Vu pleaded guilty to a single count of conspiracy to commit computer fraud before a federal judge last month. He has not been sentenced.
Nguyen has been indicted on 29 counts including charges of wire fraud and computer fraud.
He remains a fugitive.
Unsealed documents from the U.S. Justice Department allege Da Silva used his Montreal-based company 21 Celsius, which ran a website called Marketbay.com, to “promote Nguyen’s hacking and spamming activities by providing him with a platform, through Marketbay.com.”
“Da Silva allegedly knew that Nguyen was spamming to stolen email addresses in order to direct high volumes of internet traffic to his affiliate marketing websites with Marketbay.com,” read a news release from the U.S Attorney’s Office.
The Justice Department documents describe Da Silva as a co-owner, president and a director of 21 Celsius.
U.S. authorities say Da Silva was indicted by a federal grand jury Wednesday for conspiracy to commit money laundering with Nguyen and others.
He was arrested at Fort Lauderdale International Airport in Florida on Feb. 12 and was scheduled to be arraigned in an Atlanta courtoom on Friday.
Calls to 21 Celsius, were not returned Friday.
Authorities said the case is significant because of the scale of the information stolen.
Acting U.S. Attorney John Horn said hackers targeted marketing companies that send bulk emails to customers of their commercial clients. They gained access to the firms’ computer systems by sending emails with hidden malware to the marketing companies’ employees.
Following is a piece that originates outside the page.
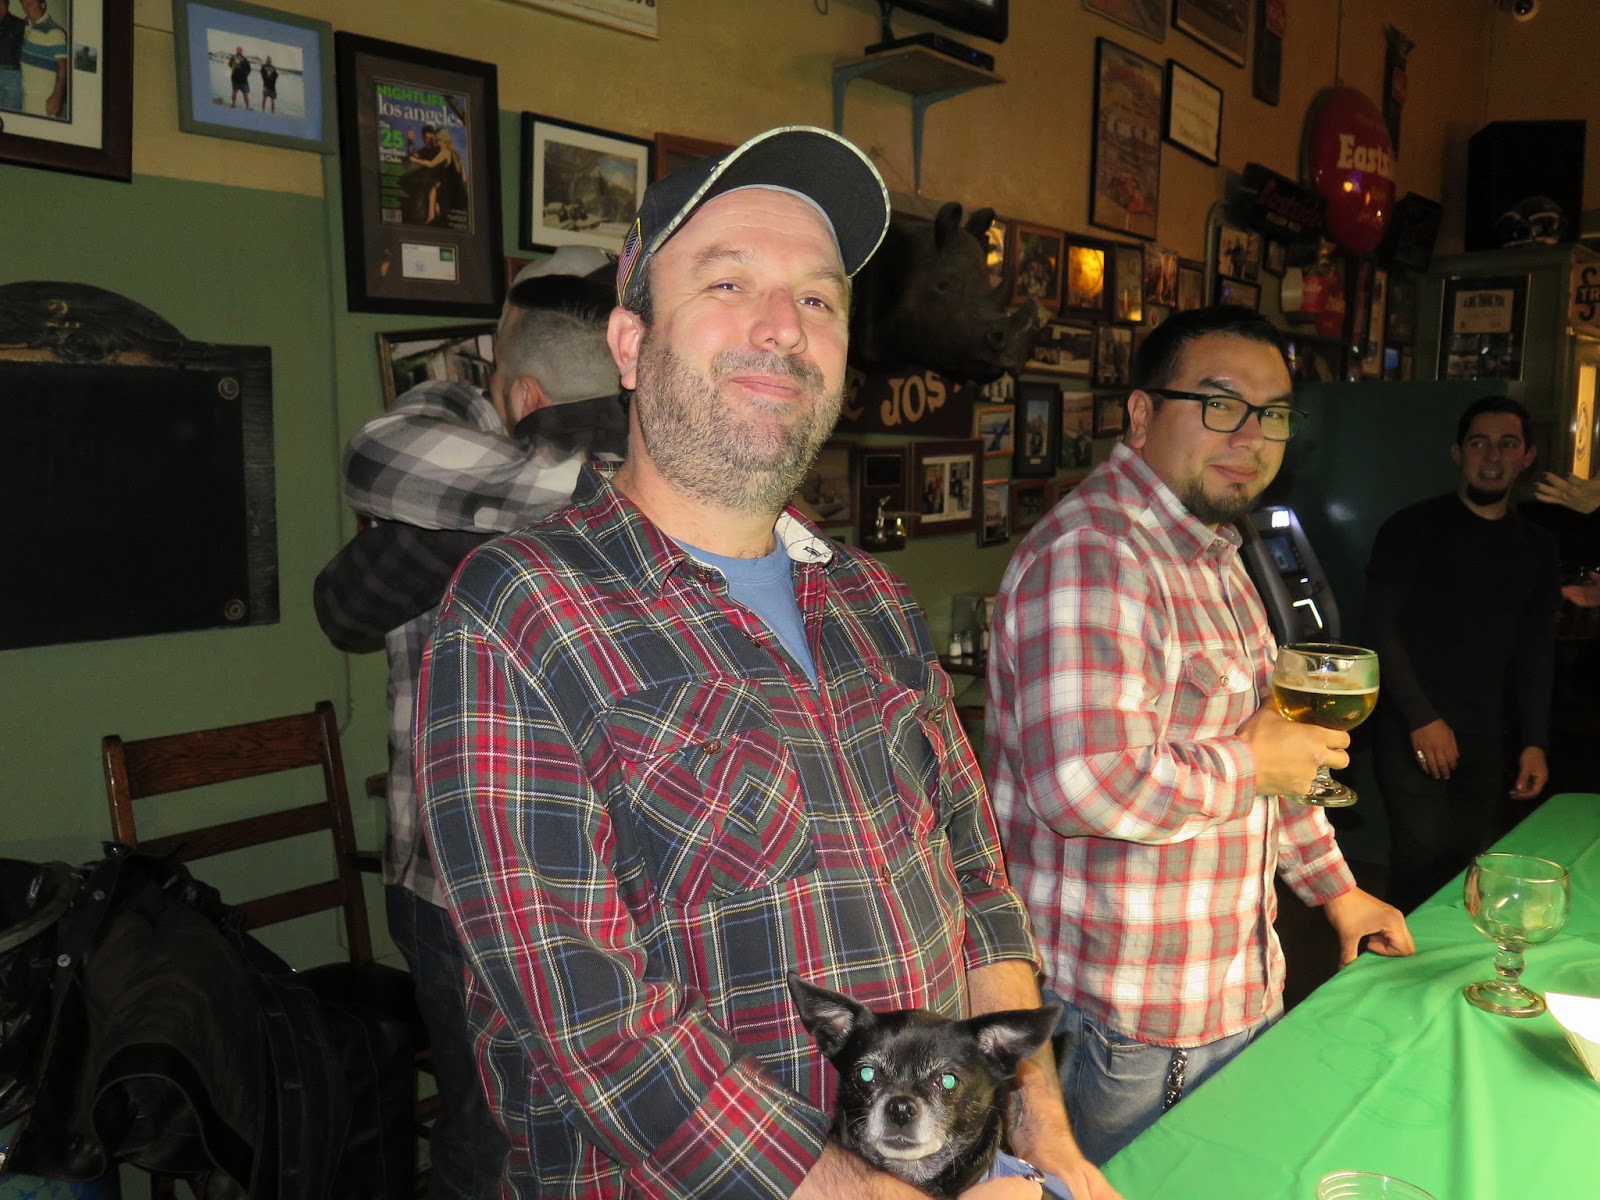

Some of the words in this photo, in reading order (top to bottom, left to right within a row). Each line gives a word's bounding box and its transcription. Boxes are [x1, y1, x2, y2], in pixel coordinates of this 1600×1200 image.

The hackers not only stole hundreds of millions of email addresses, Horn said, but also succeeded in using the marketing firms’ own systems to send the hackers’ spam messages.
The case is being prosecuted in Georgia because that’s where computer servers were located for two of the marketing firms that were hacked. Nguyen and Vu were indicted in October 2012 but those charges were sealed from public view until after the case against Da Silva was filed Wednesday.